Consistent with previous findings (5), the current study results confirmed that GA treatment significantly decreased the viability and proliferation of SW1736 and KAT-18 cells by increasing the cell apoptosis rate (Fig. 1). Western blot analysis and RT-qPCR results also revealed that the expression level of BRD4 was significantly decreased following GA treatment (Fig. 2). Furthermore, BRD4 was significantly upregulated in ATC tissues as compared with that in normal thyroid tissues (Fig. 3). These data suggested that BRD4 may be involved in ATC pathogenesis and may serve as a target for GA.
The epigenetic mechanism is a rapidly progressing field in oncological research, and the modulation of epigenetic regulators is considered as an alternative therapeutic strategy for cancer (13). BRD4 is a member of the BET family of proteins, which contain two bromodomains in tandem and an extra-terminal domain (13,14). It has been reported that BRD4, as a conserved epigenome regulator, regulates the expression of numerous genes involved in cell growth, cell cycle progression and inflammation in different types of cancer (13,14). The inhibition of BRD4 in papillary thyroid cancer cells by JQ1 has been demonstrated to result in cell cycle arrest at G0/G1 phase, enhance 131I uptake in vitro and suppress tumor growth in vivo. JQ1 is also able to inhibit the proliferation of ATC in vitro (24,25). However, the function of BRD4 in ATC has yet to be fully clarified.

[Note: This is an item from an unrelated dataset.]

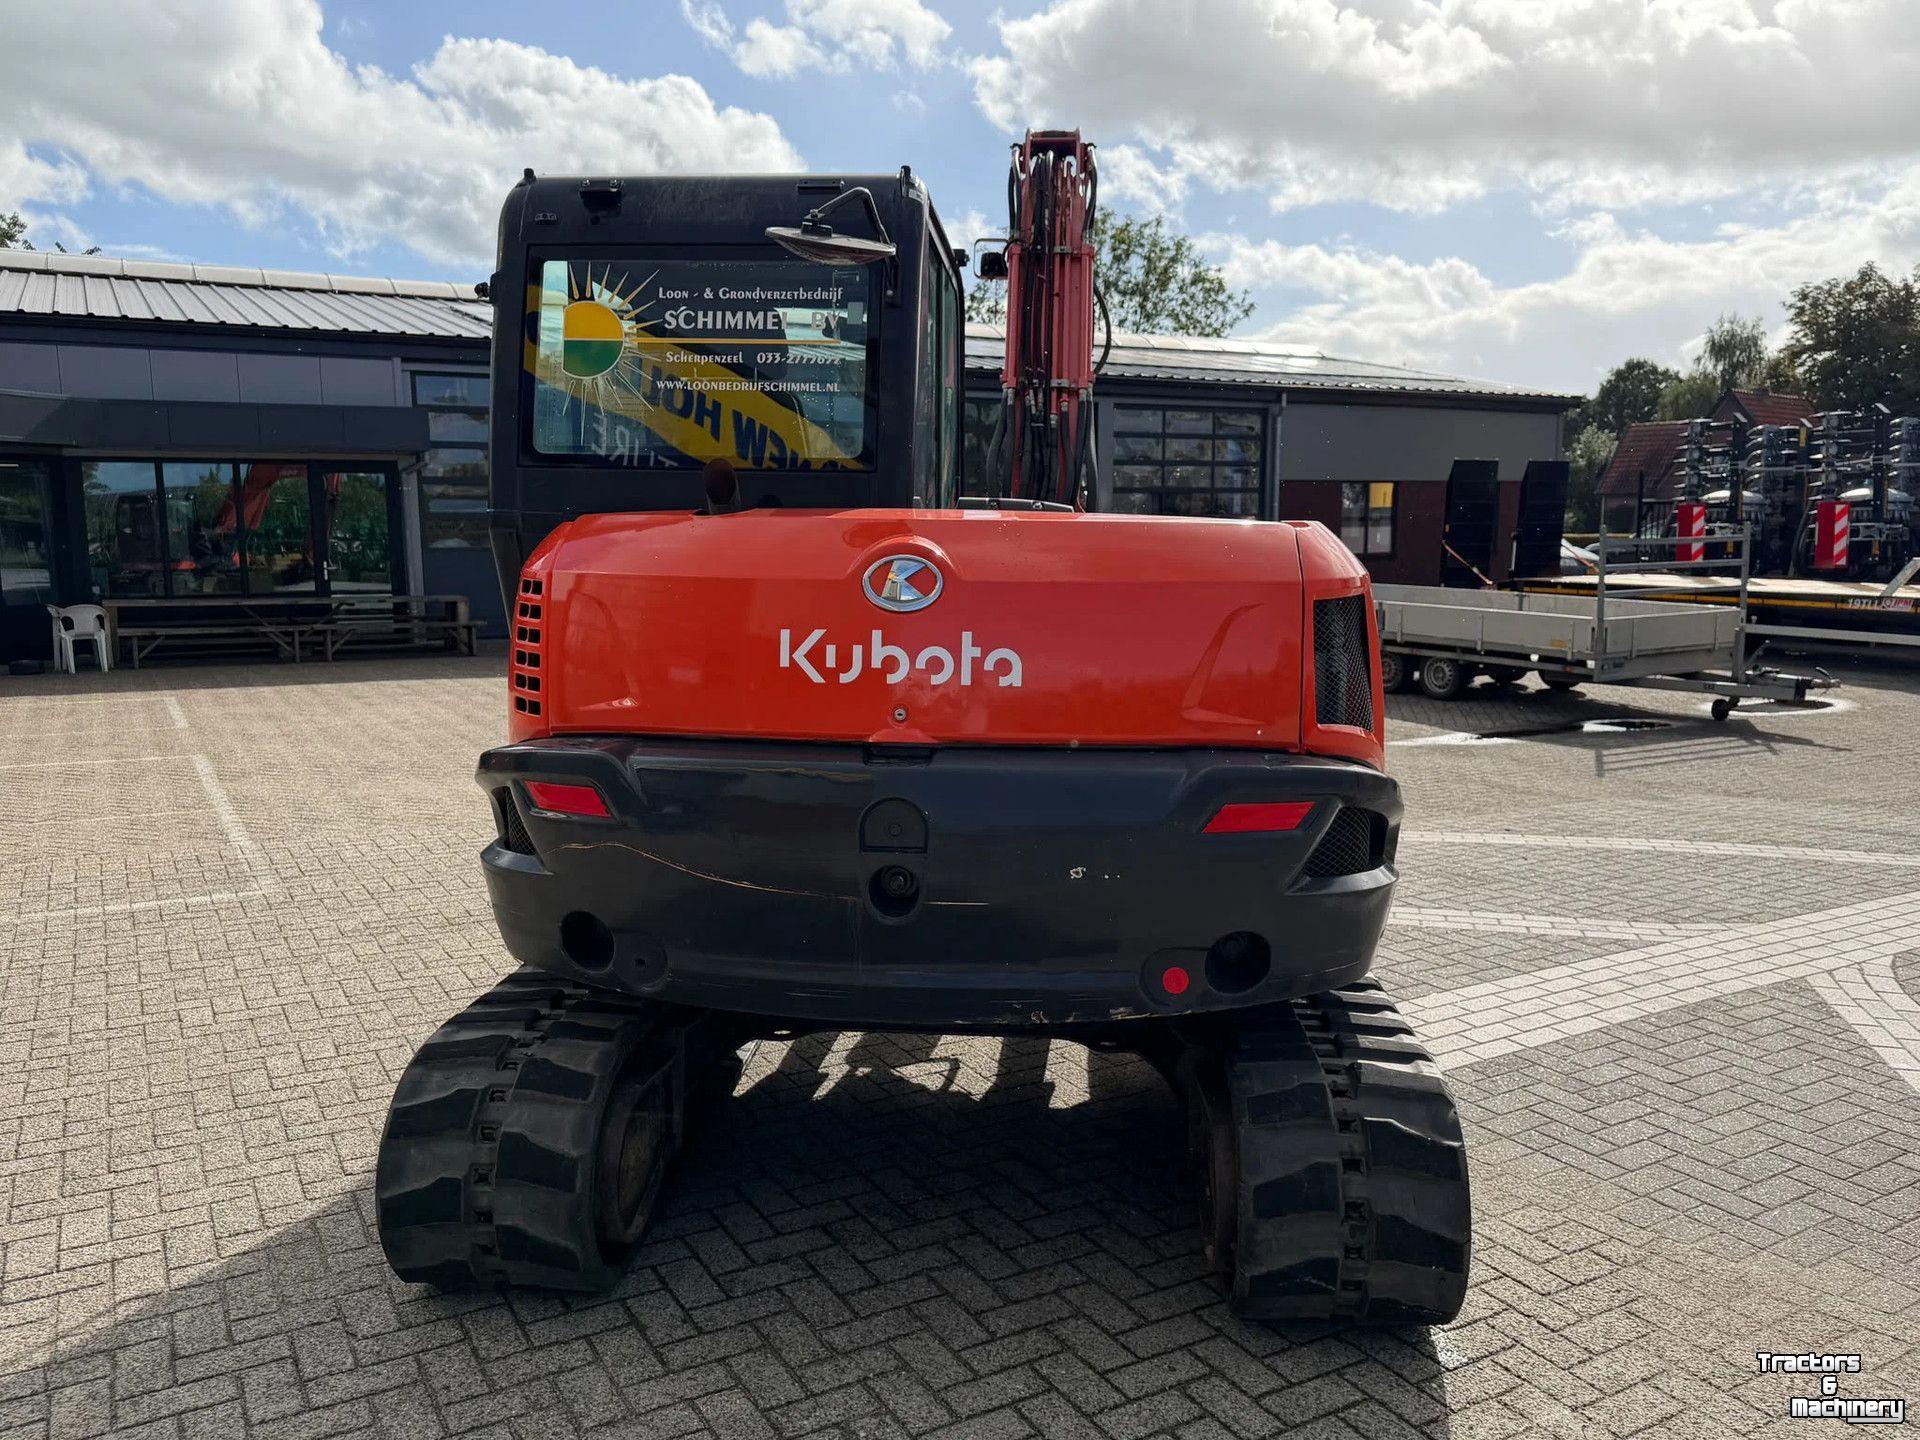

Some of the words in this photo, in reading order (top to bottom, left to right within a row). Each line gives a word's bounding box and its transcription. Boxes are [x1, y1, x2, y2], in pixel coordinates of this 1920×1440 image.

[703, 286, 714, 299] &
[811, 311, 840, 331] BV
[779, 628, 1023, 687] Kubota

In the present study, silencing BRD4 in ATC cells was observed to repress their viability, proliferation and apoptosis (Fig. 4), whereas BRD4 overexpression caused the opposite effects on these cells (Fig. 6). Furthermore, in vivo results demonstrated that BRD4 was involved in tumor growth (Figs. 5 and 7) and thus may serve as an antitumor target in ATC. Furthermore, the current study aimed to explore the molecular mechanism by which BRD4 functions as an oncogene in ATC. The results revealed that BRD4 silencing was associated with the downregulation of the anti-apoptotic protein Bcl-2 and the upregulation of the pro-apoptotic protein Bax. These data indicated that BRD4 promoted tumor growth by inhibiting cell apoptosis.

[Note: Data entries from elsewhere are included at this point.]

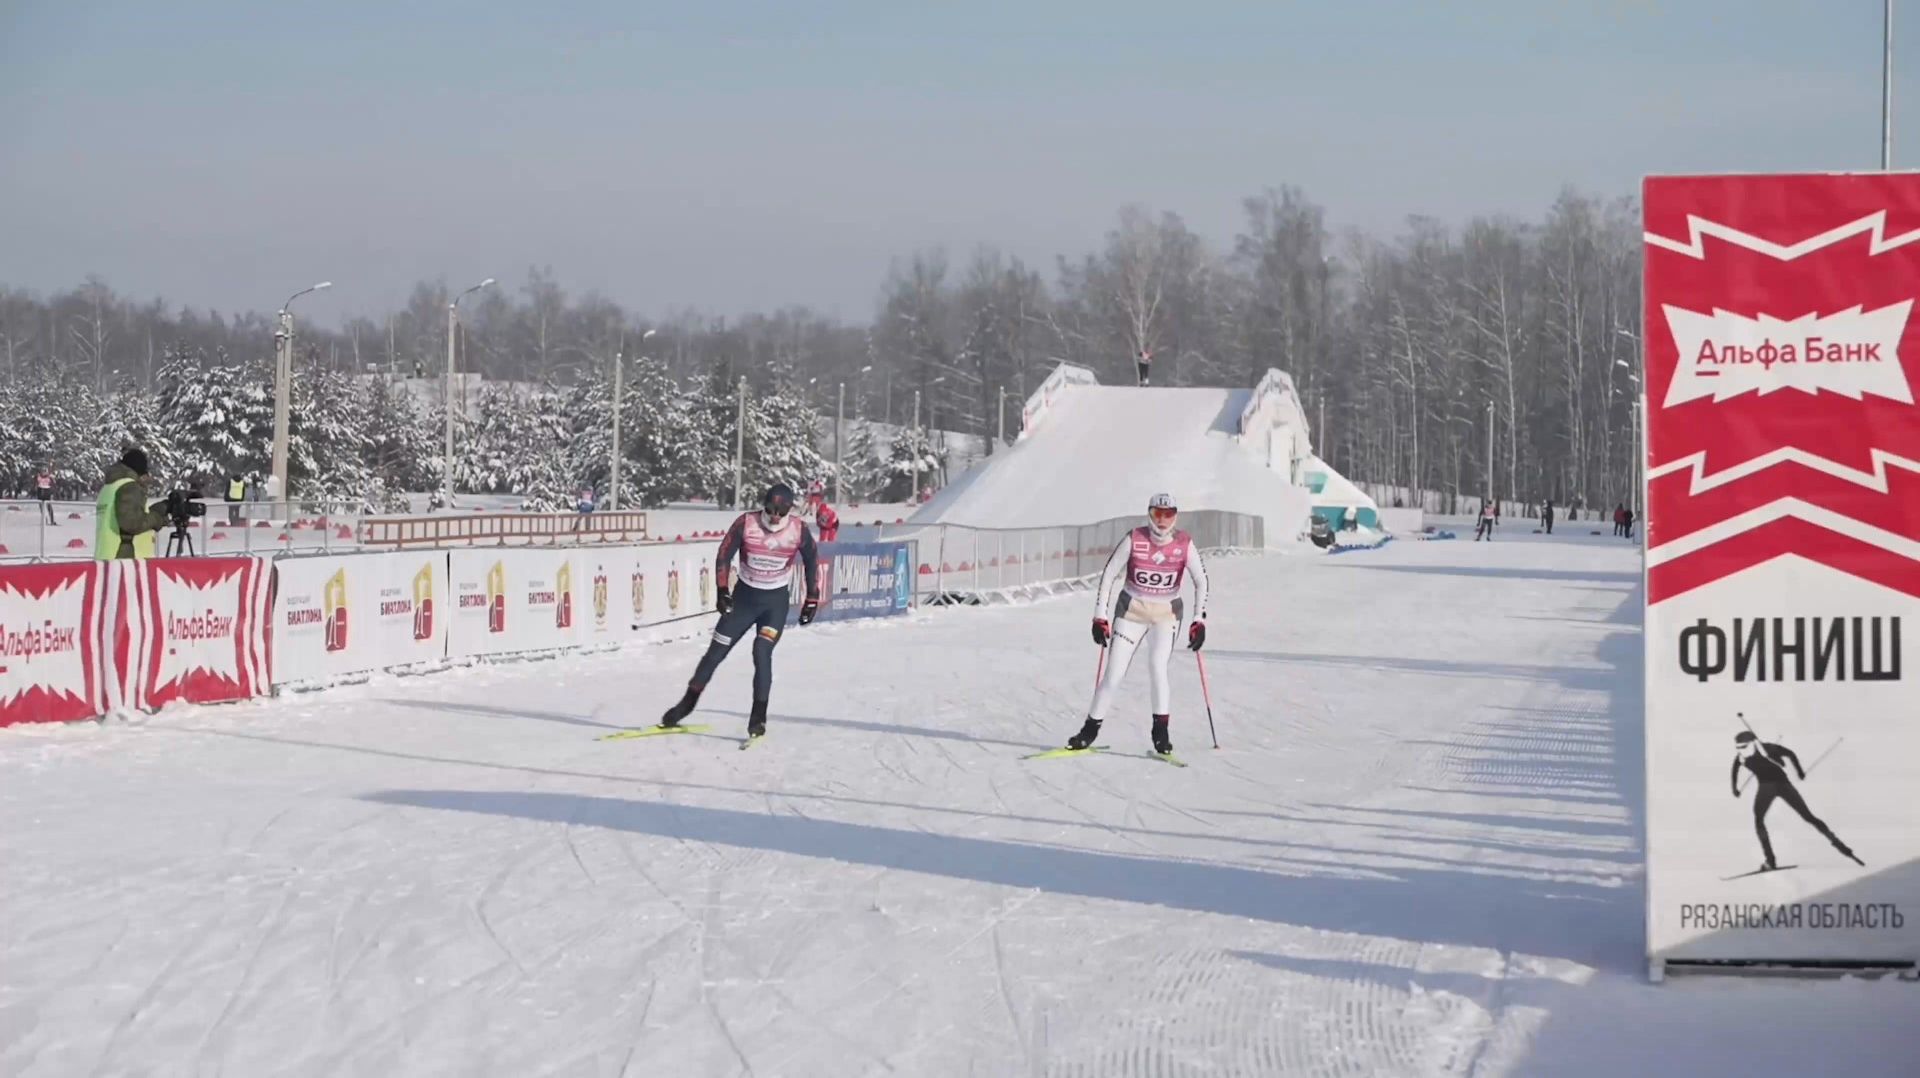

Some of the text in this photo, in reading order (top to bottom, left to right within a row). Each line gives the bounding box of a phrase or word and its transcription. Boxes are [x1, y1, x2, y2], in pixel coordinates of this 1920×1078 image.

[1696, 336, 1881, 371] Альфа Банк
[1135, 571, 1174, 587] 691
[43, 619, 74, 654] Банк
[168, 608, 232, 648] Альфа Банк
[1678, 616, 1902, 683] ФИНИШ
[1680, 903, 1905, 929] РЯЗАНСКАЯ ОБЛАСТЬ

In order to further investigate the association between GA and BRD4, BRD4 expression was upregulated through transfection with a BRD4 overexpression plasmid in SW1736 and KAT-18 cells. The biological effects of GA on ATC cells were significantly weakened by BRD4 overexpression (Fig. 6), suggesting that GA partially exerted its anticancer functions by downregulating BRD4. The apoptosis rate of ATC cells was significantly decreased by GA and partially rescued by BRD4 overexpression. These results demonstrated that GA regulated BRD4 and induced apoptosis.
In conclusion, the results of the present study suggested that BRD4 serves an important role in ATC progression in vitro and in vivo, and may function as a novel target for the development of alternative therapeutic approaches for cancer. Furthermore, BRD4 is essential for the antiproliferative and pro-apoptotic effects of GA on ATC.